• [DATA PROVIDED]
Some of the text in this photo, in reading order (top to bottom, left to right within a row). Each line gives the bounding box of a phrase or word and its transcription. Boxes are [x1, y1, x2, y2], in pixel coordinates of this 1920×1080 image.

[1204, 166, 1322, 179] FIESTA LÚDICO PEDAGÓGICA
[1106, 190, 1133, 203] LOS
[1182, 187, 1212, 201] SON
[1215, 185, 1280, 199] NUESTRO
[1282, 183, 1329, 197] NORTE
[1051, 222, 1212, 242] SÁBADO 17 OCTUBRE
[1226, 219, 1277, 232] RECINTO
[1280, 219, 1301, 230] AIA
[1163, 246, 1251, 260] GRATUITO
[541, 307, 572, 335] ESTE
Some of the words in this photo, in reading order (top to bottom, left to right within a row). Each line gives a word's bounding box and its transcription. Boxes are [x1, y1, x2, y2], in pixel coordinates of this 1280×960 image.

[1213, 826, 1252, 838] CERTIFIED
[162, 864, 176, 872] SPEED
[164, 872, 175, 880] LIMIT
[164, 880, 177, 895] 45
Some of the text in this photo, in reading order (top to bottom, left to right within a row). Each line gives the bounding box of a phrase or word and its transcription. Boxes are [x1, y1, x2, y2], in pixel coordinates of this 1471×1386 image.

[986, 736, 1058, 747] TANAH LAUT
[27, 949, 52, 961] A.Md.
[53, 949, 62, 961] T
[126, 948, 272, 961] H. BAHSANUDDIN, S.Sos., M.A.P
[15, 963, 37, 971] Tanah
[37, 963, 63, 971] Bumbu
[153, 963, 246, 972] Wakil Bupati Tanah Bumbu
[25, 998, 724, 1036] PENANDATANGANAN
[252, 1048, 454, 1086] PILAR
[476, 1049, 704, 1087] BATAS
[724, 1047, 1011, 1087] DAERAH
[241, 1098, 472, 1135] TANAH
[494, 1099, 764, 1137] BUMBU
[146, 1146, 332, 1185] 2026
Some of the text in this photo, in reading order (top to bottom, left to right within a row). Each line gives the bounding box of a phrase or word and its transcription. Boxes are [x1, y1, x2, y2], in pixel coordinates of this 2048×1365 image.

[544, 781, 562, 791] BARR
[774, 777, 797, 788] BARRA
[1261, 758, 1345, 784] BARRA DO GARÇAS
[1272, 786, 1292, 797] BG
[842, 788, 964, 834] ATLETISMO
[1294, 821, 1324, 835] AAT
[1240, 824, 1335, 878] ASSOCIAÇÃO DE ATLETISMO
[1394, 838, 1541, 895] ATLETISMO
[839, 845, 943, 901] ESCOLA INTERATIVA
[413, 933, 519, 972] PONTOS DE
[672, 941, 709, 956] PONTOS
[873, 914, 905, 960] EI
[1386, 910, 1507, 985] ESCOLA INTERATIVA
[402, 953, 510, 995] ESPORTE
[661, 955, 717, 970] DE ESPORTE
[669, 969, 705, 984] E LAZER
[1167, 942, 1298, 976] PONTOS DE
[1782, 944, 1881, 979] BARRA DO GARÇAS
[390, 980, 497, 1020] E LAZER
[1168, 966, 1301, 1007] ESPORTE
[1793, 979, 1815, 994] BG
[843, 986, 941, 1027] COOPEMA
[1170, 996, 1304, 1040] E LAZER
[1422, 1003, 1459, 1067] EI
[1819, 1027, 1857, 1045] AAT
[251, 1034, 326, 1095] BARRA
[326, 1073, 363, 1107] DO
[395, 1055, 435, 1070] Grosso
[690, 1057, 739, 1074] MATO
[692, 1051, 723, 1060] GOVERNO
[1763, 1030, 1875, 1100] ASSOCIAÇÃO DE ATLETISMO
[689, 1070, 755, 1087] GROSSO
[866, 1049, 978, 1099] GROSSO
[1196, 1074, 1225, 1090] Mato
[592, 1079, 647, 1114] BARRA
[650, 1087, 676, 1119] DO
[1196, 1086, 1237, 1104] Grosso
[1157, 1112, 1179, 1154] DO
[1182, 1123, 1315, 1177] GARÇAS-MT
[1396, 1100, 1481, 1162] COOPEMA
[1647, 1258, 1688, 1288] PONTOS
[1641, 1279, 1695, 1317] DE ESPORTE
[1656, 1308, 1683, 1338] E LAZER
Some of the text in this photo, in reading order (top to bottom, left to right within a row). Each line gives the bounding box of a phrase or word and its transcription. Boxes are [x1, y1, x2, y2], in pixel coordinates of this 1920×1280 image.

• [GOAL OF THE EXERCISE] What you return must match the entries exactly, word for word.

• [ANSWER TO THE PROBLEM]
Some of the text in this photo, in reading order (top to bottom, left to right within a row). Each line gives the bounding box of a phrase or word and its transcription. Boxes are [x1, y1, x2, y2], in pixel coordinates of this 1920×1080 image.

[1204, 166, 1322, 179] FIESTA LÚDICO PEDAGÓGICA
[1106, 190, 1133, 203] LOS
[1182, 187, 1212, 201] SON
[1215, 185, 1280, 199] NUESTRO
[1282, 183, 1329, 197] NORTE
[1051, 222, 1212, 242] SÁBADO 17 OCTUBRE
[1226, 219, 1277, 232] RECINTO
[1280, 219, 1301, 230] AIA
[1163, 246, 1251, 260] GRATUITO
[541, 307, 572, 335] ESTE
Some of the words in this photo, in reading order (top to bottom, left to right within a row). Each line gives a word's bounding box and its transcription. Boxes are [x1, y1, x2, y2], in pixel coordinates of this 1280×960 image.

[1213, 826, 1252, 838] CERTIFIED
[162, 864, 176, 872] SPEED
[164, 872, 175, 880] LIMIT
[164, 880, 177, 895] 45
Some of the text in this photo, in reading order (top to bottom, left to right within a row). Each line gives the bounding box of a phrase or word and its transcription. Boxes are [x1, y1, x2, y2], in pixel coordinates of this 1471×1386 image.

[986, 736, 1058, 747] TANAH LAUT
[27, 949, 52, 961] A.Md.
[53, 949, 62, 961] T
[126, 948, 272, 961] H. BAHSANUDDIN, S.Sos., M.A.P
[15, 963, 37, 971] Tanah
[37, 963, 63, 971] Bumbu
[153, 963, 246, 972] Wakil Bupati Tanah Bumbu
[25, 998, 724, 1036] PENANDATANGANAN
[252, 1048, 454, 1086] PILAR
[476, 1049, 704, 1087] BATAS
[724, 1047, 1011, 1087] DAERAH
[241, 1098, 472, 1135] TANAH
[494, 1099, 764, 1137] BUMBU
[146, 1146, 332, 1185] 2026
Some of the text in this photo, in reading order (top to bottom, left to right within a row). Each line gives the bounding box of a phrase or word and its transcription. Boxes are [x1, y1, x2, y2], in pixel coordinates of this 2048×1365 image.

[544, 781, 562, 791] BARR
[774, 777, 797, 788] BARRA
[1261, 758, 1345, 784] BARRA DO GARÇAS
[1272, 786, 1292, 797] BG
[842, 788, 964, 834] ATLETISMO
[1294, 821, 1324, 835] AAT
[1240, 824, 1335, 878] ASSOCIAÇÃO DE ATLETISMO
[1394, 838, 1541, 895] ATLETISMO
[839, 845, 943, 901] ESCOLA INTERATIVA
[413, 933, 519, 972] PONTOS DE
[672, 941, 709, 956] PONTOS
[873, 914, 905, 960] EI
[1386, 910, 1507, 985] ESCOLA INTERATIVA
[402, 953, 510, 995] ESPORTE
[661, 955, 717, 970] DE ESPORTE
[669, 969, 705, 984] E LAZER
[1167, 942, 1298, 976] PONTOS DE
[1782, 944, 1881, 979] BARRA DO GARÇAS
[390, 980, 497, 1020] E LAZER
[1168, 966, 1301, 1007] ESPORTE
[1793, 979, 1815, 994] BG
[843, 986, 941, 1027] COOPEMA
[1170, 996, 1304, 1040] E LAZER
[1422, 1003, 1459, 1067] EI
[1819, 1027, 1857, 1045] AAT
[251, 1034, 326, 1095] BARRA
[326, 1073, 363, 1107] DO
[395, 1055, 435, 1070] Grosso
[690, 1057, 739, 1074] MATO
[692, 1051, 723, 1060] GOVERNO
[1763, 1030, 1875, 1100] ASSOCIAÇÃO DE ATLETISMO
[689, 1070, 755, 1087] GROSSO
[866, 1049, 978, 1099] GROSSO
[1196, 1074, 1225, 1090] Mato
[592, 1079, 647, 1114] BARRA
[650, 1087, 676, 1119] DO
[1196, 1086, 1237, 1104] Grosso
[1157, 1112, 1179, 1154] DO
[1182, 1123, 1315, 1177] GARÇAS-MT
[1396, 1100, 1481, 1162] COOPEMA
[1647, 1258, 1688, 1288] PONTOS
[1641, 1279, 1695, 1317] DE ESPORTE
[1656, 1308, 1683, 1338] E LAZER
Some of the text in this photo, in reading order (top to bottom, left to right within a row). Each line gives the bounding box of a phrase or word and its transcription. Boxes are [x1, y1, x2, y2], in pixel coordinates of this 1920×1280 image.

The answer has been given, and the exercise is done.